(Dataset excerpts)
• • • •

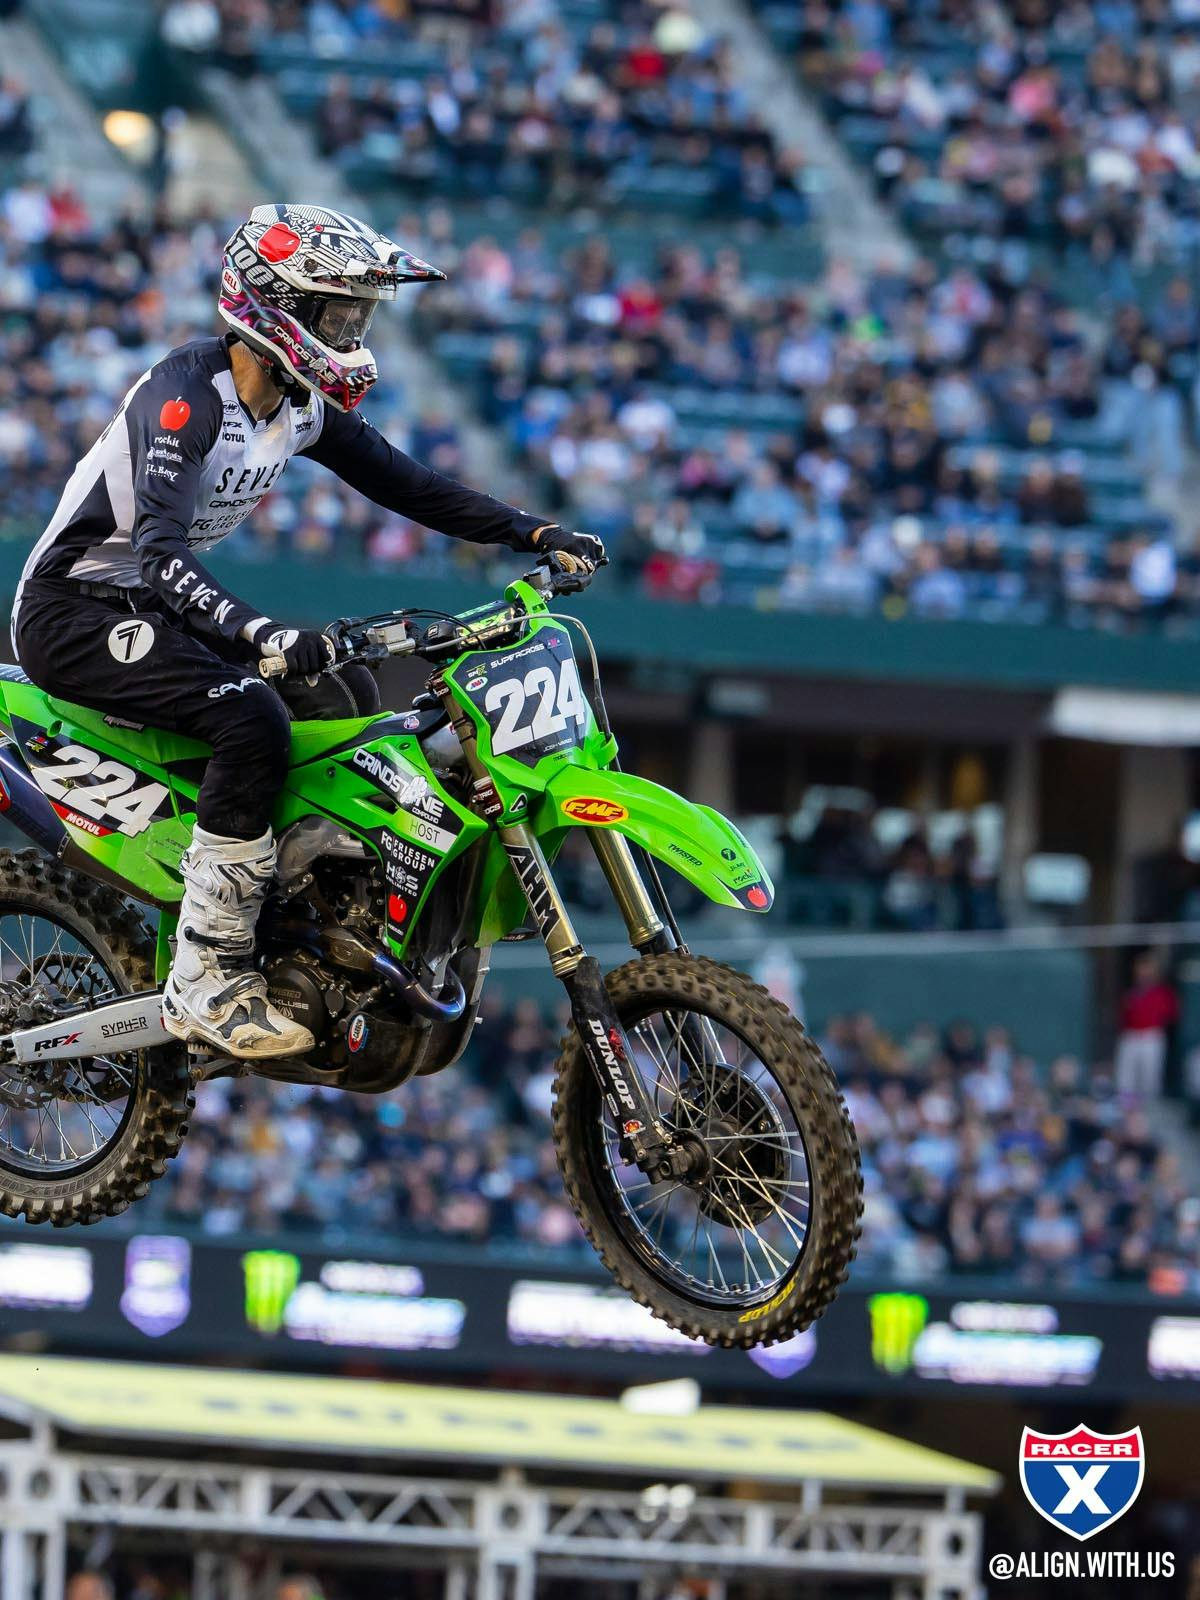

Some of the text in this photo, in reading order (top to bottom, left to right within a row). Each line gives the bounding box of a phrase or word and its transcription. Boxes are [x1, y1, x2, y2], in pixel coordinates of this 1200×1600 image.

[223, 272, 238, 291] BELL
[154, 435, 180, 448] rockit
[222, 432, 246, 443] OTUL
[215, 459, 289, 494] SEVE
[161, 558, 236, 624] SEVEN
[485, 658, 585, 756] 224
[31, 745, 170, 838] 224
[566, 802, 623, 817] FMF
[66, 812, 101, 836] MOTUL
[410, 822, 441, 843] HOST
[381, 830, 435, 868] FG FRIESEN
[393, 848, 426, 872] GROUP
[668, 843, 702, 866] TWISTED
[385, 874, 417, 897] UNLIMITED
[101, 1017, 148, 1036] SYPHER
[34, 1032, 84, 1052] RFX
[589, 1020, 635, 1109] DUNLOP

• • • •

▸ ACTIVITY:
With the pictures excluded, the records are to be reproduced exactly.

▸ WRITTEN RESPONSE:
Some of the text in this photo, in reading order (top to bottom, left to right within a row). Each line gives the bounding box of a phrase or word and its transcription. Boxes are [x1, y1, x2, y2], in pixel coordinates of this 1200×1600 image.

[223, 272, 238, 291] BELL
[154, 435, 180, 448] rockit
[222, 432, 246, 443] OTUL
[215, 459, 289, 494] SEVE
[161, 558, 236, 624] SEVEN
[485, 658, 585, 756] 224
[31, 745, 170, 838] 224
[566, 802, 623, 817] FMF
[66, 812, 101, 836] MOTUL
[410, 822, 441, 843] HOST
[381, 830, 435, 868] FG FRIESEN
[393, 848, 426, 872] GROUP
[668, 843, 702, 866] TWISTED
[385, 874, 417, 897] UNLIMITED
[101, 1017, 148, 1036] SYPHER
[34, 1032, 84, 1052] RFX
[589, 1020, 635, 1109] DUNLOP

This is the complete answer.